◆ WHAT YOU SHOULD DO:
Copy each entry below unchanged; the images do not go in the copy.

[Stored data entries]

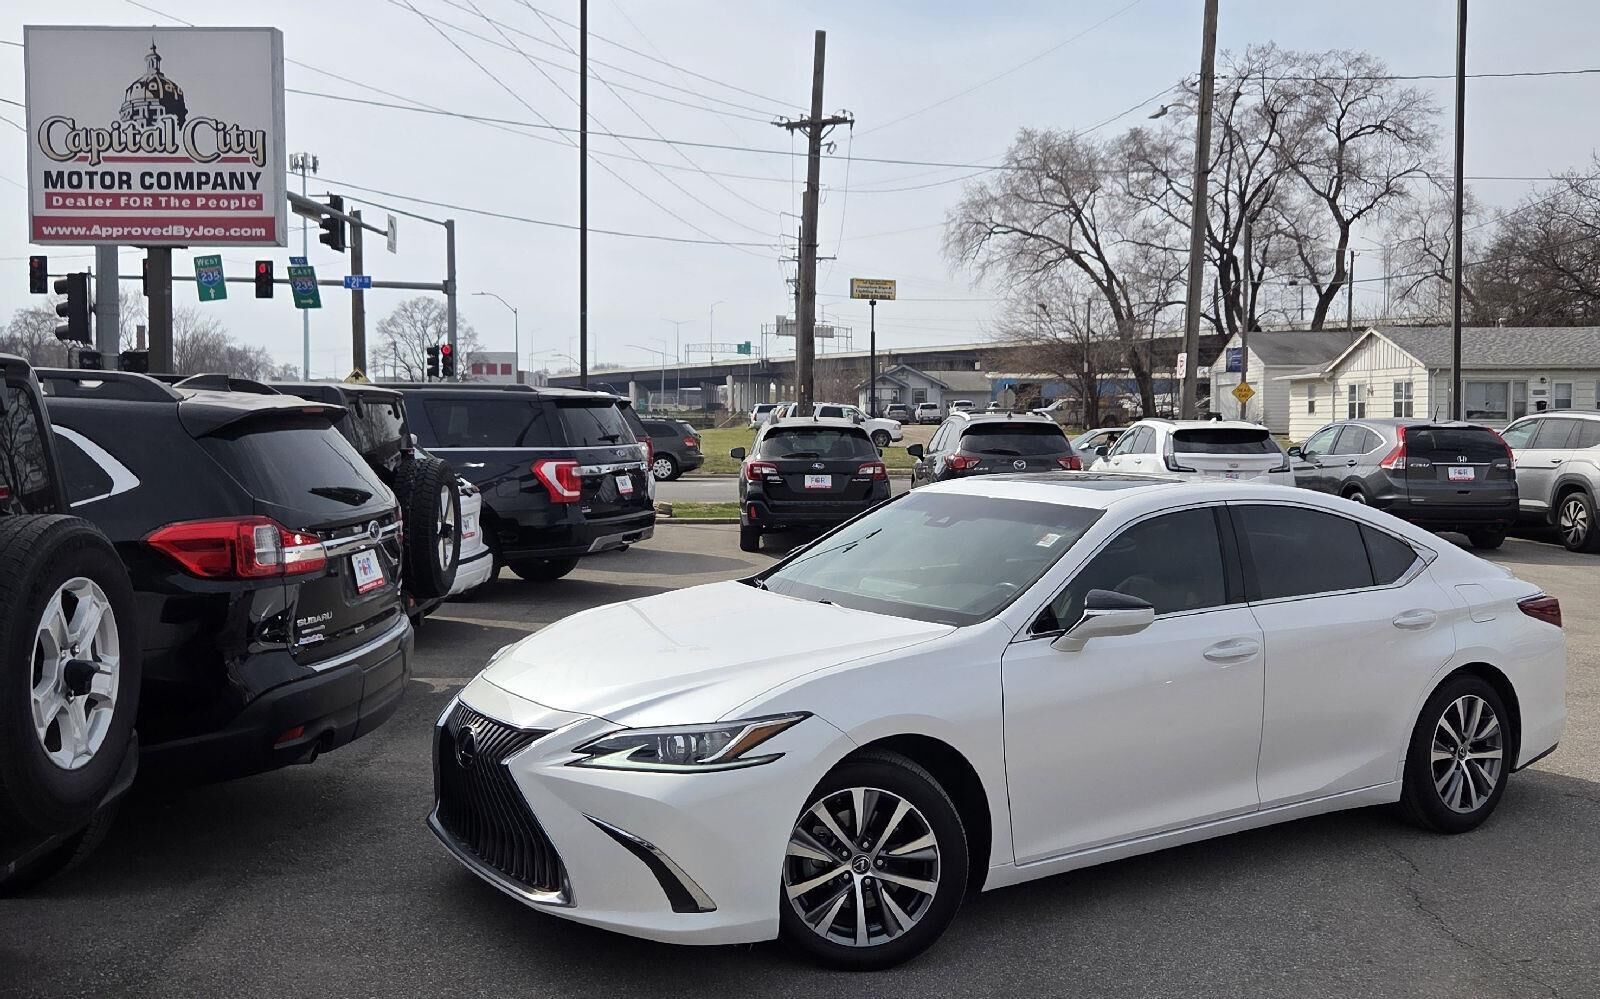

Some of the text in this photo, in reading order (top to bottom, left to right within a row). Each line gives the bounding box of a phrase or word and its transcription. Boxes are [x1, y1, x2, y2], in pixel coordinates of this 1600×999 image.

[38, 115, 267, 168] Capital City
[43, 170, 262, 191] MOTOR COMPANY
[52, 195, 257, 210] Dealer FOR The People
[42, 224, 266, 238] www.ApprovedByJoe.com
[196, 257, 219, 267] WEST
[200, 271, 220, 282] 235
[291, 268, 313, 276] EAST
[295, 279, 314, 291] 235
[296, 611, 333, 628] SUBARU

◆ RESPONSE AREA:
Some of the text in this photo, in reading order (top to bottom, left to right within a row). Each line gives the bounding box of a phrase or word and its transcription. Boxes are [x1, y1, x2, y2], in pixel coordinates of this 1600×999 image.

[38, 115, 267, 168] Capital City
[43, 170, 262, 191] MOTOR COMPANY
[52, 195, 257, 210] Dealer FOR The People
[42, 224, 266, 238] www.ApprovedByJoe.com
[196, 257, 219, 267] WEST
[200, 271, 220, 282] 235
[291, 268, 313, 276] EAST
[295, 279, 314, 291] 235
[296, 611, 333, 628] SUBARU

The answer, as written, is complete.